25. Utilisation d'un composé selon l'une quelconque des revendications 1 à 17, pour préparer un médicament.

26. Composé selon l'une quelconque des revendications 1 à 17, pour une utilisation comme modulateur par exemple inhibiteur, de l'activité de l'interféron-.gamma. endogène ou exogène.

27. Composé selon l'une quelconque des revendications 1 à 17, pour une utilisation dans le traitement des maladies liées à, ou caractérisées par, la présence de cytokines proinflammatoires comme l'Interféron-.gamma. par exemple les maladies auto-immunes inflammatoires ou dégénératives telles que la sclérose multiple, la Glomérulonéphrite, la maladie de Crohn et l'arthrite rhumatoïde.

28. Composé selon l'une quelconque des revendications 1 à 17 pour une utilisation dans un traitement de complément aux traitements immunosuppresseurs utilisés par exemple pour éviter le rejet de greffes.

29. Médicament contenant un composé selon l'une quelconque des revendications 1 à 17.

30. Composition contenant le composé selon l'une quelconque des revendications 1 à 17 et un véhicule pharmaceutiquement acceptable pour une utilisation dans le traitement des maladies liées à, ou caractérisées par, la présence de cytokines proinflammatoires comme l'interféron-.gamma., par exemple les maladies auto-immunes ou dégénératives telles que la sclérose multiple, la Glomérulonéphrite, la maladie de Crohn, et l'arthrite rhumatoïde.

31. Composition contenant le composé selon l'une quelconque des revendications 1 à 17 et un véhicule pharmaceutiquement acceptable pour une utilisation dans un traitement de complément aux traitements immunosuppresseurs utilisés par exemple pour éviter le rejet de greffes.

32. Utilisation d'un composé selon l'une quelconque des revendications 1 à 17, pour préparer un médicament destiné au traitement des pathologies ou troubles reliés à l'activité, notamment excessive, de l' interféron-.gamma. endogène ou exogène.

33. Utilisation d'un composé selon l'une quelconque des revendications 1 à 17 pour préparer un médicament destiné au traitement des maladies liées à, ou caractérisées par, la présence de cytokines proinflammatoires comme l'Interféron-.gamma. par exemple les maladies auto-immunes inflammatoires ou dégénératives telles que la sclérose multiple, la Glomérulonéphrite, la maladie de Crohn et l'arthrite rhumatoïde.

34. Utilisation d'un composé selon l'une quelconque des revendications 1 à 17 pour préparer un médicament destiné à un traitement de complément aux traitements immunosuppresseurs utilisés par exemple pour éviter les rejets de greffes.

35. Médicament contenant, outre un composé selon l'une quelconque des revendications 1 à 17, de l'interféron-.gamma..

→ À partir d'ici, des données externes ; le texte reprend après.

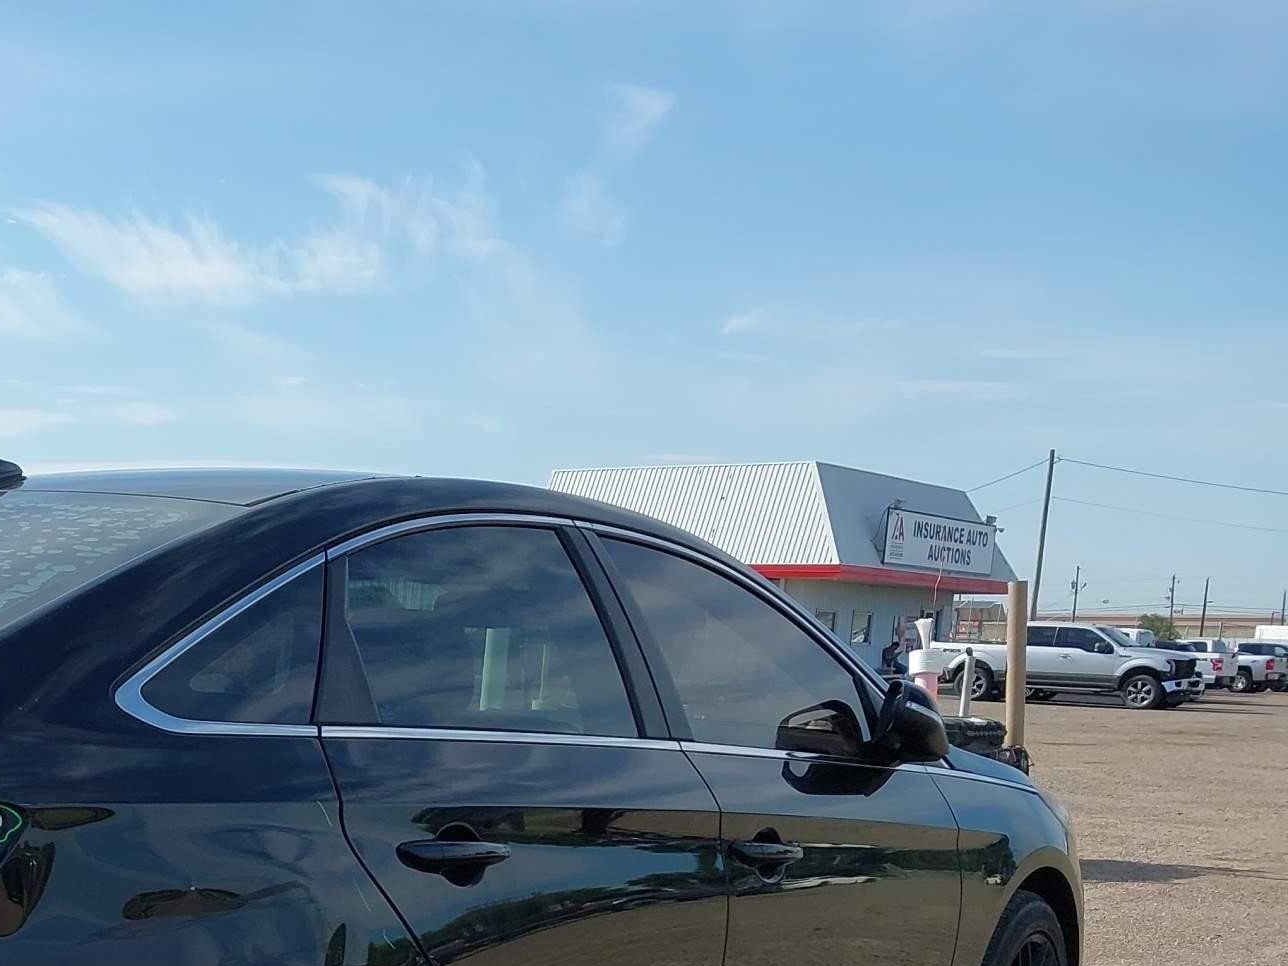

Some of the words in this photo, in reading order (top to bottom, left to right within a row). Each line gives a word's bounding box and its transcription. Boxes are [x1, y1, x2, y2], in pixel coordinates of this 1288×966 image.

[913, 519, 965, 545] INSURANCE
[966, 529, 989, 548] AUTO
[927, 544, 972, 566] AUCTIONS

36. Médicament selon la revendication 35, dans lequel le composé selon l'une quelconque des revendications 1 à 17 et l' interféron-.gamma. se présentent sous la forme d'un complexe du composé et de l'interféron-.gamma..

37. Complexe d'un composé selon l'une quelconque des revendications 1 à 17 et d'interféron-.gamma. pour une utilisation comme médicament.

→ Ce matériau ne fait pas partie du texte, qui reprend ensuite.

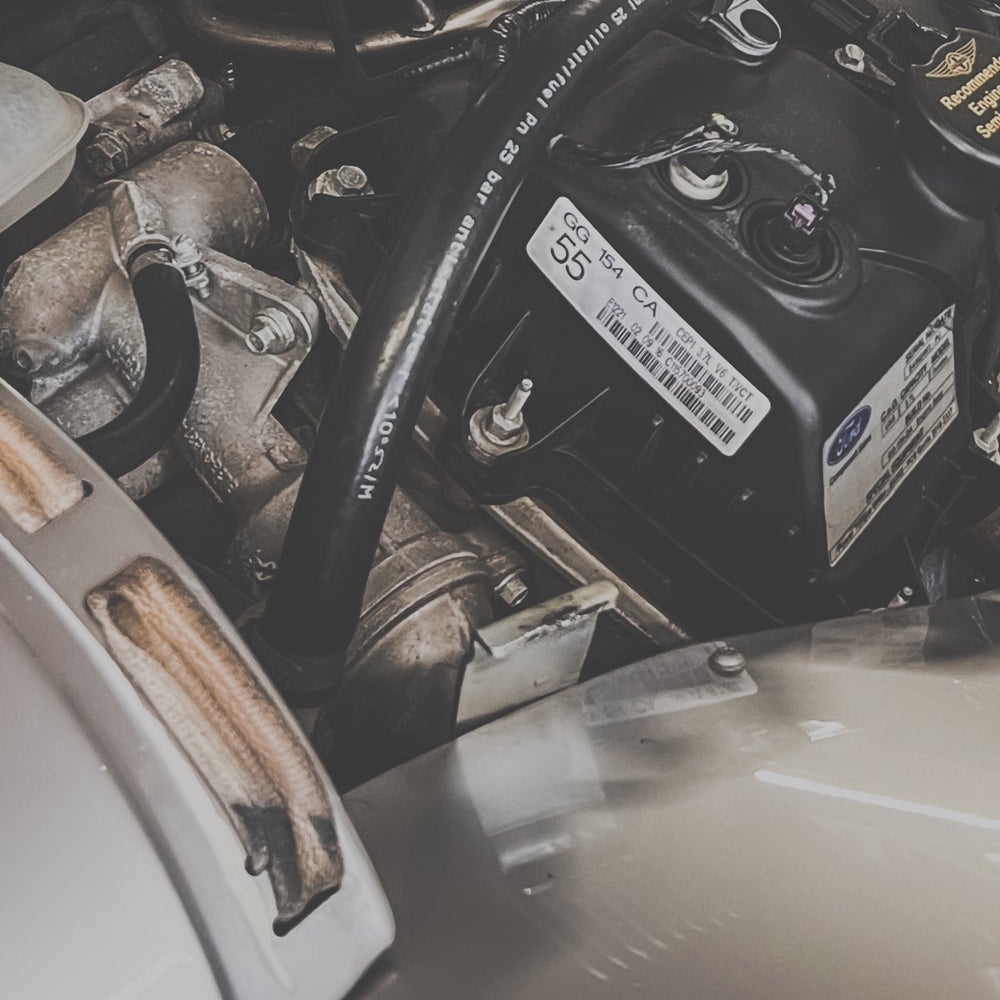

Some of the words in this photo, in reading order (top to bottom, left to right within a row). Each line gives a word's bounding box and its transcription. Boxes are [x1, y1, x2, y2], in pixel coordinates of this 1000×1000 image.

[610, 6, 628, 26] 25
[498, 139, 520, 165] 25
[476, 169, 503, 206] bar
[550, 232, 592, 281] 55
[563, 211, 591, 245] GG
[598, 248, 624, 279] 154
[632, 285, 658, 318] CA
[630, 322, 643, 336] 02
[714, 362, 728, 378] V6

38. Complexe d'un composé selon l'une quelconque des revendications 1 à 17 et d'interféron-.gamma. pour une utilisation comme immunostimulant.

39. Complexe d'un composé selon l'une quelconque des revendications 1 à 16 et d'interféron-.gamma. pour une utilisation dans le traitement d'une maladie choisie parmi le cancer, les maladies infectieuses par exemple virales, bactériennes ou parasitaires et les fibroses d'organes.

40. Composition contenant un complexe d'un composé selon l'une quelconque des revendications 1 à 17 et d'interféron-.gamma., et un véhicule pharmaceutiquement acceptable, pour une utilisation dans le traitement d'une maladie choisie parmi le cancer, les maladies infectieuses, par exemple virales, bactériennes ou parasitaires, et les fibroses d'organes.

41. Médicament contenant un complexe d'un composé
selon l'une quelconque des revendications 1 à 17 et d'interféron -.gamma..

42. Utilisation d'un complexe d'un composé selon L'une quelconque des revendications 1 à 17, et d'interféron .gamma., pour préparer un médicament.

43. Utilisation d'un complexe d'un composé selon l'une quelconque des revendications 1 à 17, et d'interféron .gamma., pour préparer un médicament destiné au traitement d'une maladie donnée parmi le cancer, les maladies infectieuses, par exemple virales, bactériennes ou parasitaires, et la fibrose d'organes.